Muito embora o trabalho fosse árduo, na agricultura, silvicultura e pastorícia, e as dificuldades económicas fossem bastantes, a sobrevivência estava assegurada.

Mas, a certa altura, durante muitas noites seguidas, o João começou de ver, de forma muito confusa, alguém que lhe repetia sem cessar:

“- Vai à Ponte de Serém… que de lá virá o teu bem!

Intrigado, o João contou à mulher! A princípio, ela não deu qualquer importância ao caso. Mas, a persistência dos sonhos ou visões foi-se tornando tão forte que começou a transtornar a cabeça do João, e a Mariana já não estava nada satisfeita.

Apreensivo e cansado, mesmo contra a vontade da família, o João decidiu partir ao acaso por caminhos desconhecidos à procura da tal Ponte de Serém onde, depois de muito andar e perguntar… finalmente, chegou!

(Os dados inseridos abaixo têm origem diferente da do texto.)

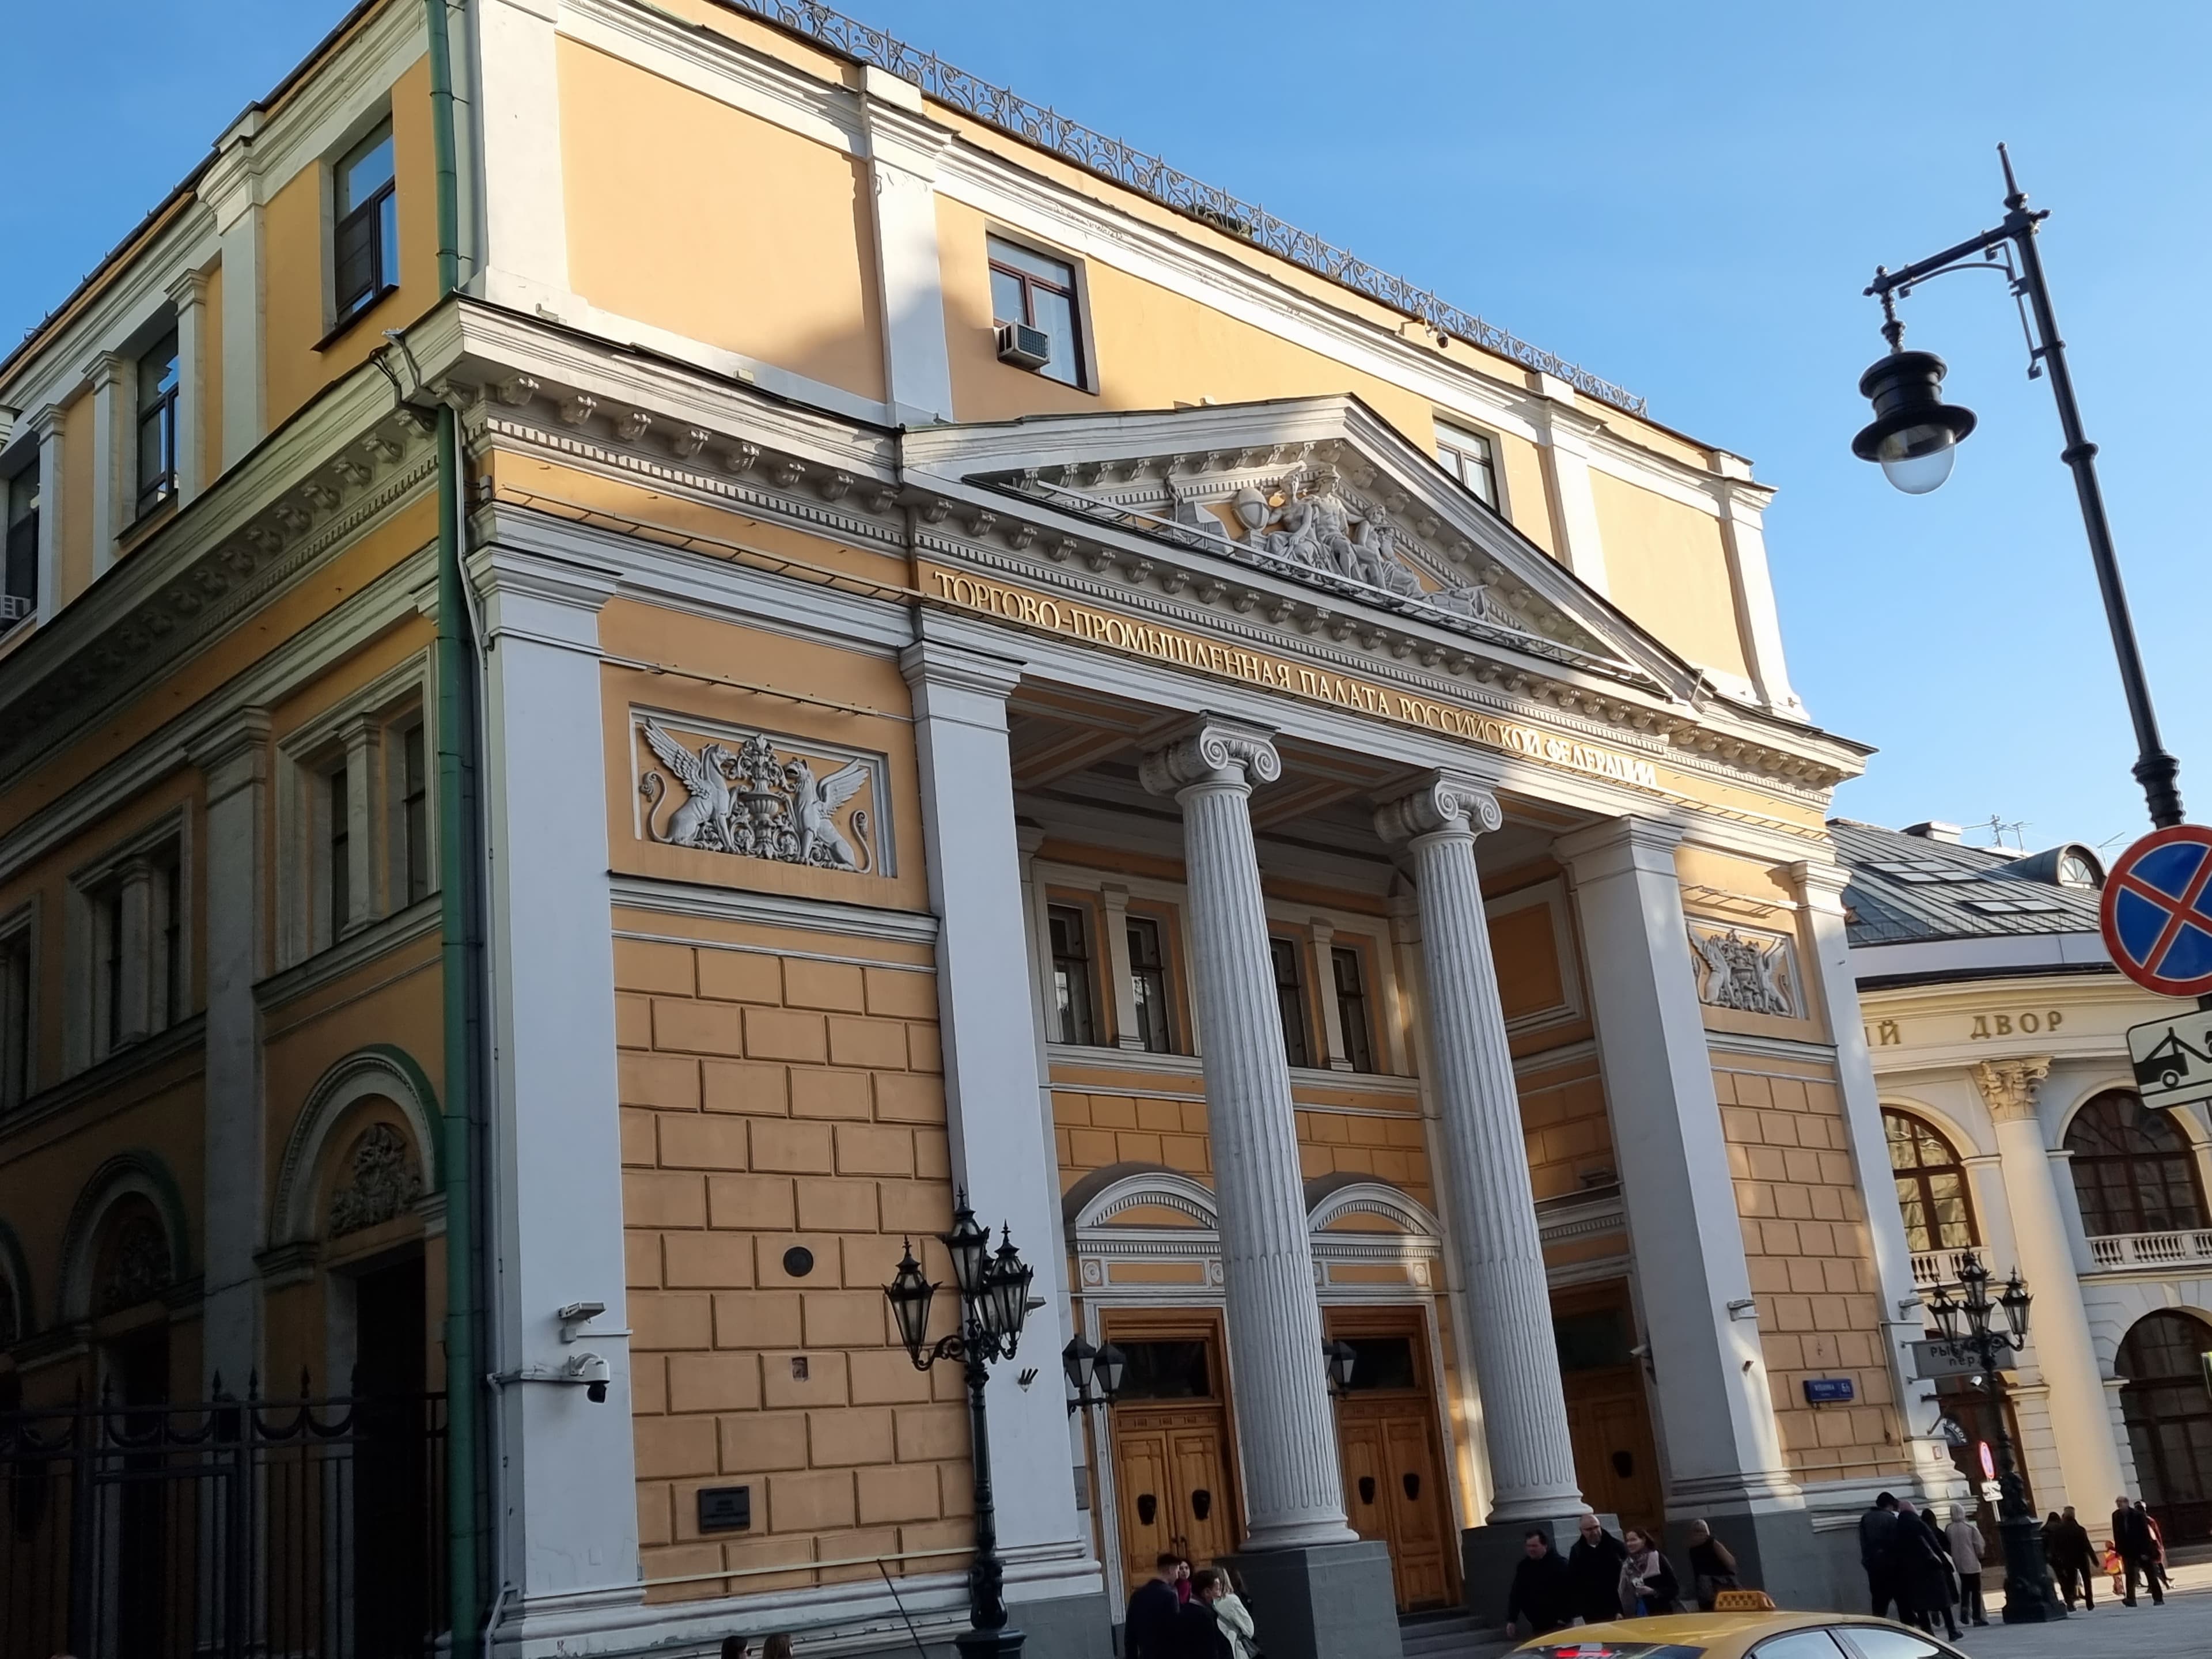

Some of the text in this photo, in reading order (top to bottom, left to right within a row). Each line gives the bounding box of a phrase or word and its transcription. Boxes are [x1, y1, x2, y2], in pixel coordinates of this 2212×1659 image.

Inacreditável!… João ficou desapontado… pois a ponte era muito simples e quase deserta… desprovida de qualquer grandeza!

Sem saber o que fazer, por momentos, conservou-se parado, silencioso e pensativo….. mas logo começou a movimentar-se sobre a ponte, cabisbaixo, num vaivém constante.

Inesperadamente, apareceu-lhe um homem lá de Serém, que, vendo-o por ali, perdido e desalentado, lhe perguntou o que andava a fazer.

Um tanto envergonhado e tímido, o João contou-lhe toda a sua história, ao que o homem replicou:

Imagine você… vir para aqui atrás de sonhos!… Eu também tenho sonhos! E nos meus sonhos…também já me disseram muitas vezes – “Vai a Rôge, à Ponte do Castelo… que tem lá mais peso de oiro do que o peso de um camelo!” Mas….eu… sei lá se Rôge existe ou não existe… e mesmo que exista, onde raio é que isso poderá ficar?!… E no final… vou para lá… à procura de quê?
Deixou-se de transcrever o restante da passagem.